• Annotated photo localization data:
━━━━━━

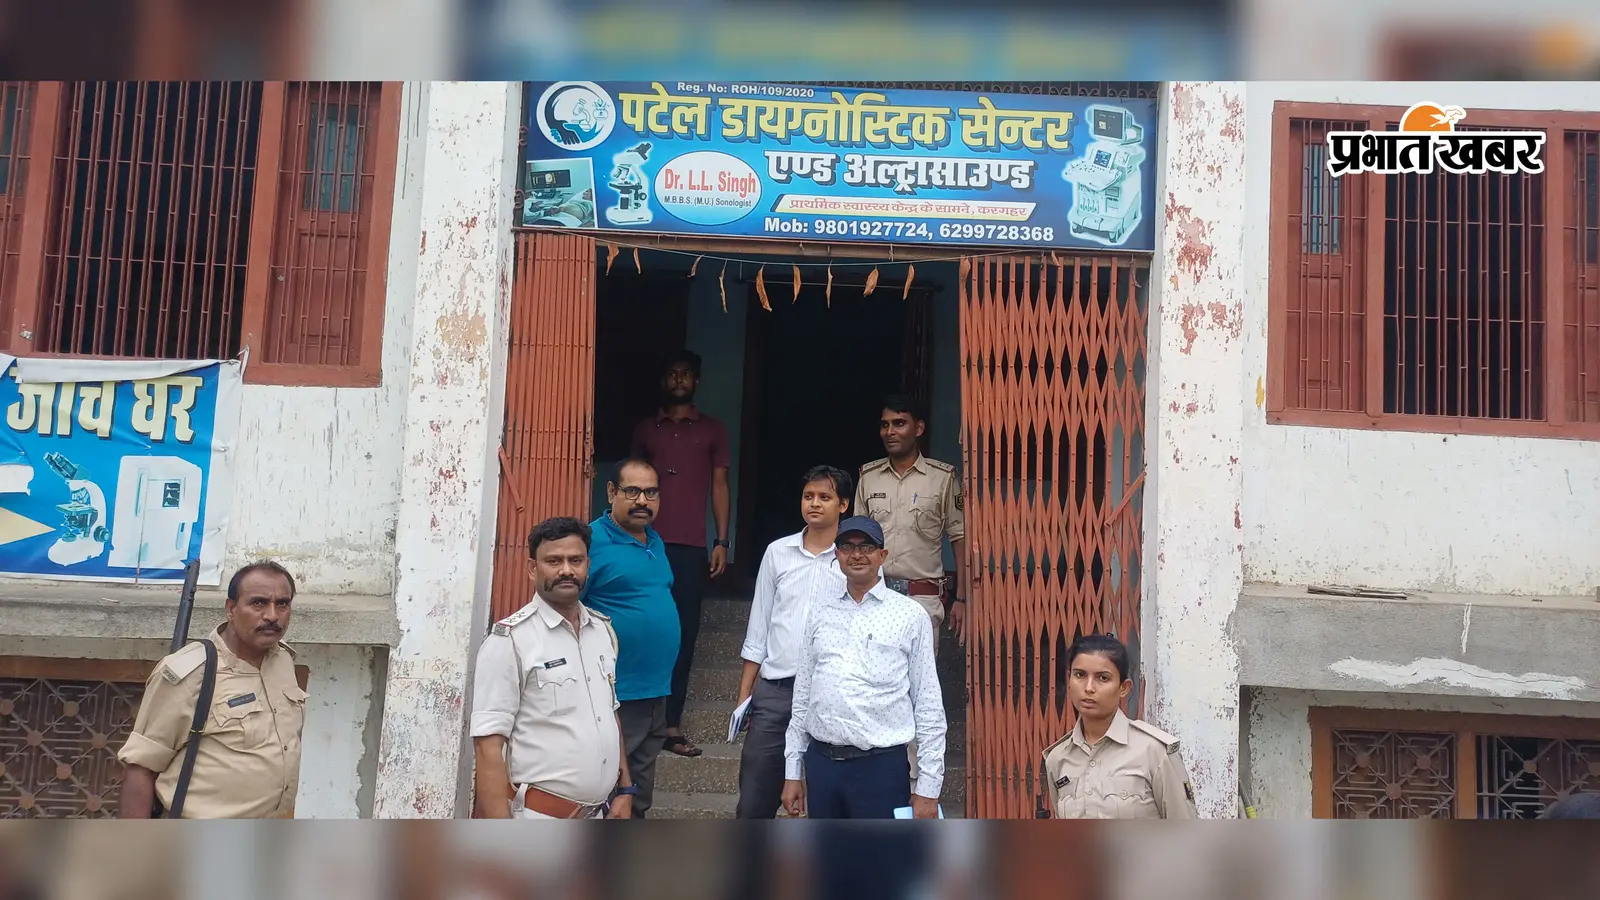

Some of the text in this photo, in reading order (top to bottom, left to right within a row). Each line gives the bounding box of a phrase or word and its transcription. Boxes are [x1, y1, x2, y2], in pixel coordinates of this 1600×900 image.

[677, 82, 814, 98] Reg. No: ROH/109/2020
[619, 82, 1073, 150] पटेल डायग्नोस्टिक सेन्टर
[664, 168, 756, 198] Dr. L.L. Singh
[764, 151, 1034, 192] एण्ड अल्ट्रासाउण्ड
[664, 195, 752, 208] M.B.B.S. (M.U.) Sonologist
[789, 198, 841, 210] प्राथमिक
[842, 201, 889, 212] स्वास्थ्य
[891, 200, 918, 214] केन्द्र
[920, 202, 933, 212] के
[978, 206, 1028, 216] करगहर
[765, 217, 1054, 241] Mob: 9801927724, 6299728368
[131, 376, 203, 441] घर
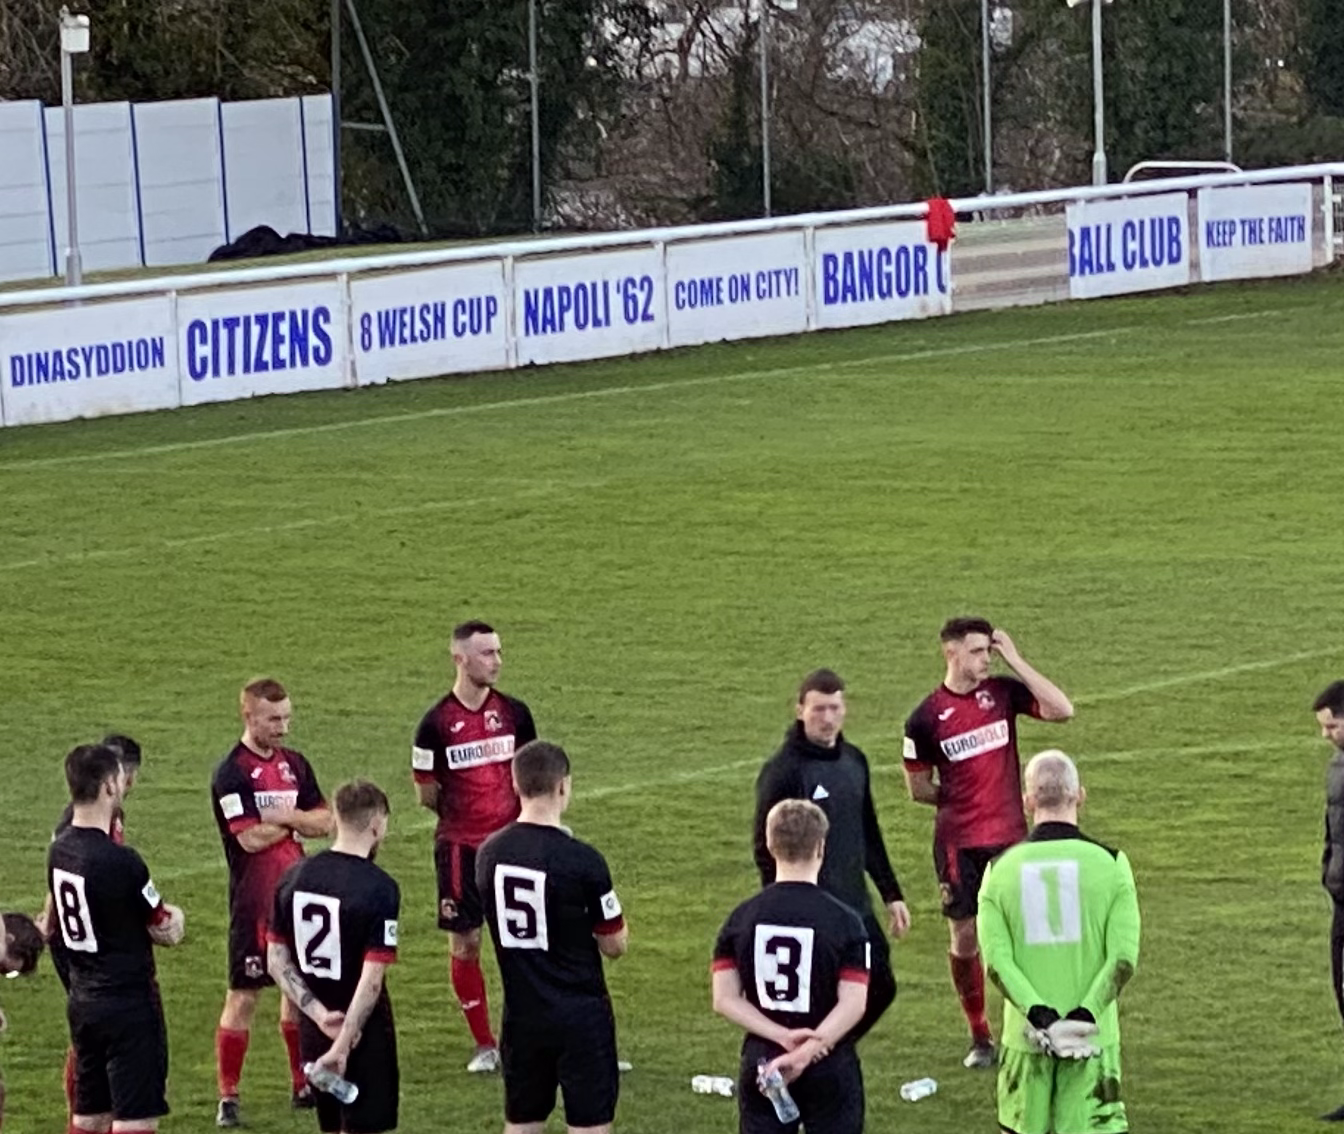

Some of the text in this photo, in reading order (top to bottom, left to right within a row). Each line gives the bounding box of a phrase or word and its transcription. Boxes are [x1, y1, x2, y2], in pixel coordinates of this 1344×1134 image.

[1122, 215, 1183, 272] CLUB
[1205, 214, 1305, 249] KEEP THE FAITH
[674, 267, 799, 311] COME ON CITY!
[822, 243, 929, 306] BANGOR
[359, 294, 498, 353] 8 WELSH CUP
[523, 279, 611, 337] NAPOLI
[9, 335, 165, 388] DINASYDDION
[186, 305, 333, 382] CITIZENS
[60, 880, 87, 942] 8
[503, 876, 537, 939] 5
[1040, 866, 1064, 935] 1
[302, 903, 331, 969] 2
[765, 935, 802, 1002] 3

━━━━━━

• Task: Each line from the one containing "this 1344×1134 image." to the end of the records should be echoed exactly, and no other line.

• Exercise solution:
Some of the text in this photo, in reading order (top to bottom, left to right within a row). Each line gives the bounding box of a phrase or word and its transcription. Boxes are [x1, y1, x2, y2], in pixel coordinates of this 1344×1134 image.

[1122, 215, 1183, 272] CLUB
[1205, 214, 1305, 249] KEEP THE FAITH
[674, 267, 799, 311] COME ON CITY!
[822, 243, 929, 306] BANGOR
[359, 294, 498, 353] 8 WELSH CUP
[523, 279, 611, 337] NAPOLI
[9, 335, 165, 388] DINASYDDION
[186, 305, 333, 382] CITIZENS
[60, 880, 87, 942] 8
[503, 876, 537, 939] 5
[1040, 866, 1064, 935] 1
[302, 903, 331, 969] 2
[765, 935, 802, 1002] 3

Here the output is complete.